[SOURCE INFORMATION — start]

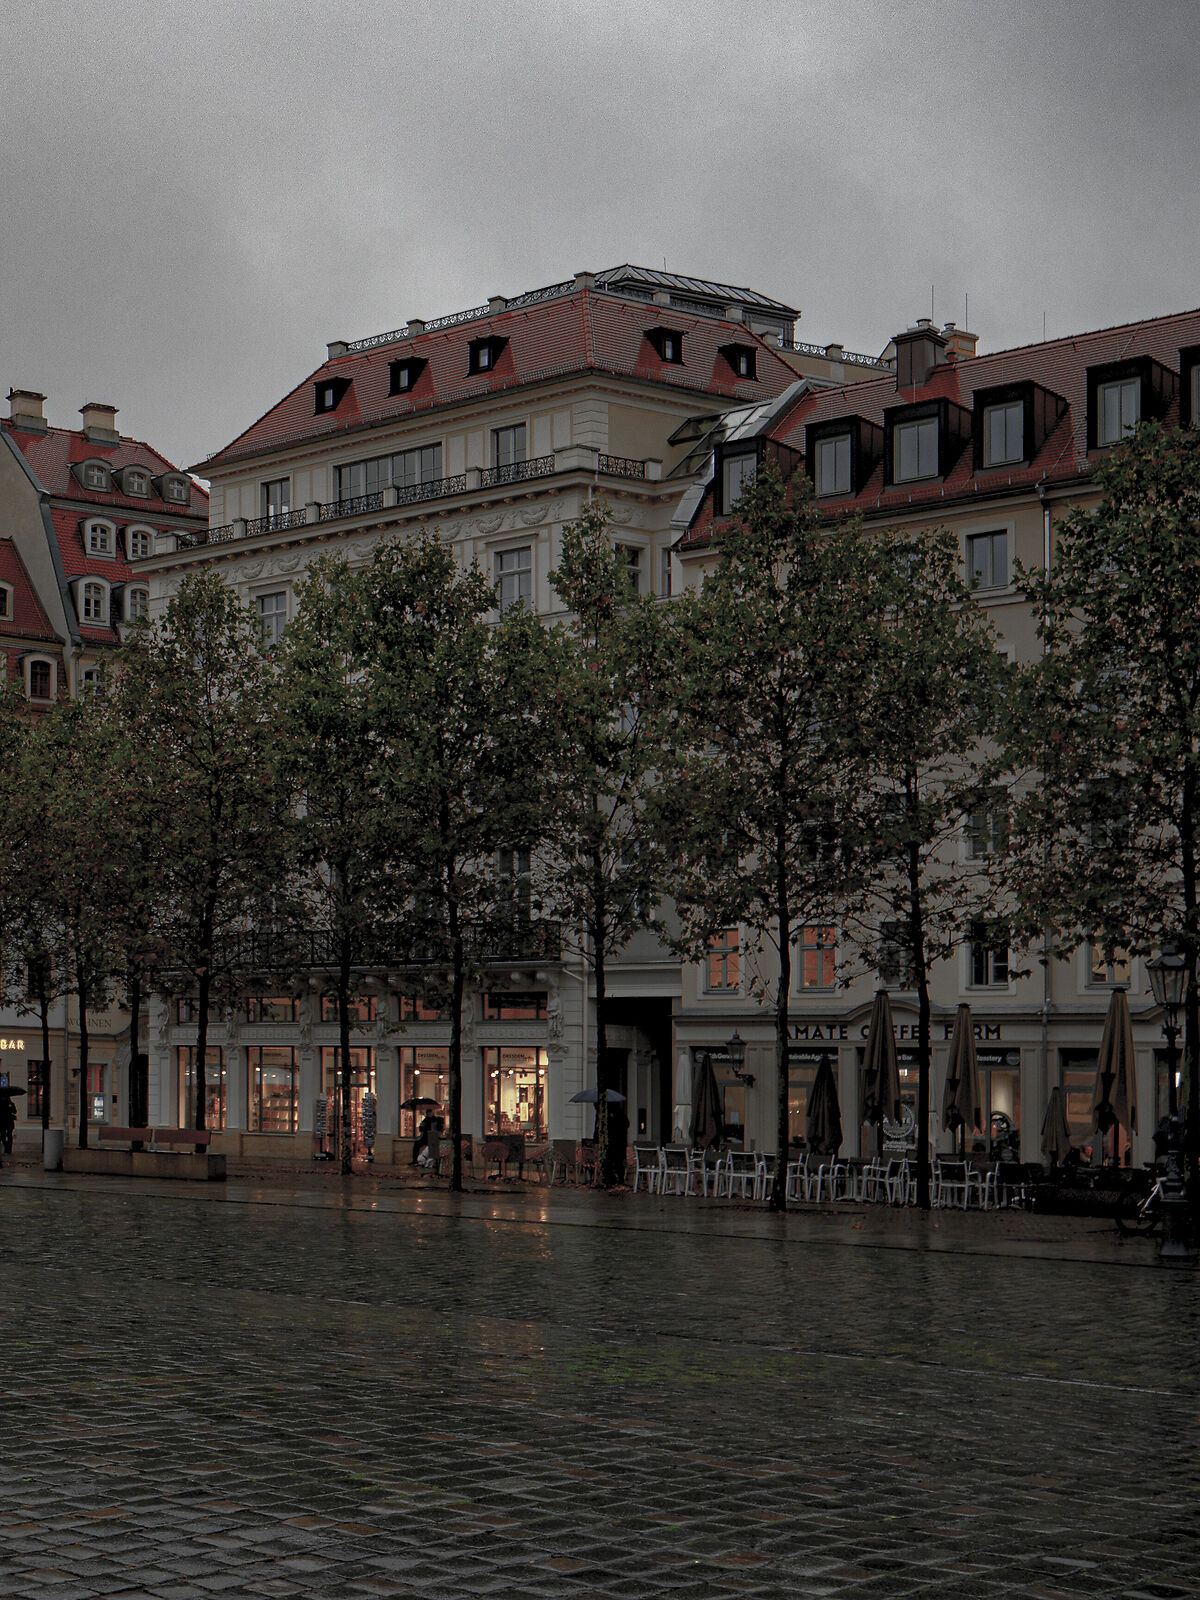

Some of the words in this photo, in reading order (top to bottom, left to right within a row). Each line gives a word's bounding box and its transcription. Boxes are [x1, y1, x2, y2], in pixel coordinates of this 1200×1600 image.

[67, 1017, 112, 1027] WONEN
[860, 1024, 931, 1040] CFFE
[944, 1024, 1001, 1040] FRM
[0, 1038, 25, 1050] BAR

[SOURCE INFORMATION — finish]

TO DO:
Retype all the entries exactly; drop the pictures.

TASK ANSWER:
Some of the words in this photo, in reading order (top to bottom, left to right within a row). Each line gives a word's bounding box and its transcription. Boxes are [x1, y1, x2, y2], in pixel coordinates of this 1200×1600 image.

[67, 1017, 112, 1027] WONEN
[860, 1024, 931, 1040] CFFE
[944, 1024, 1001, 1040] FRM
[0, 1038, 25, 1050] BAR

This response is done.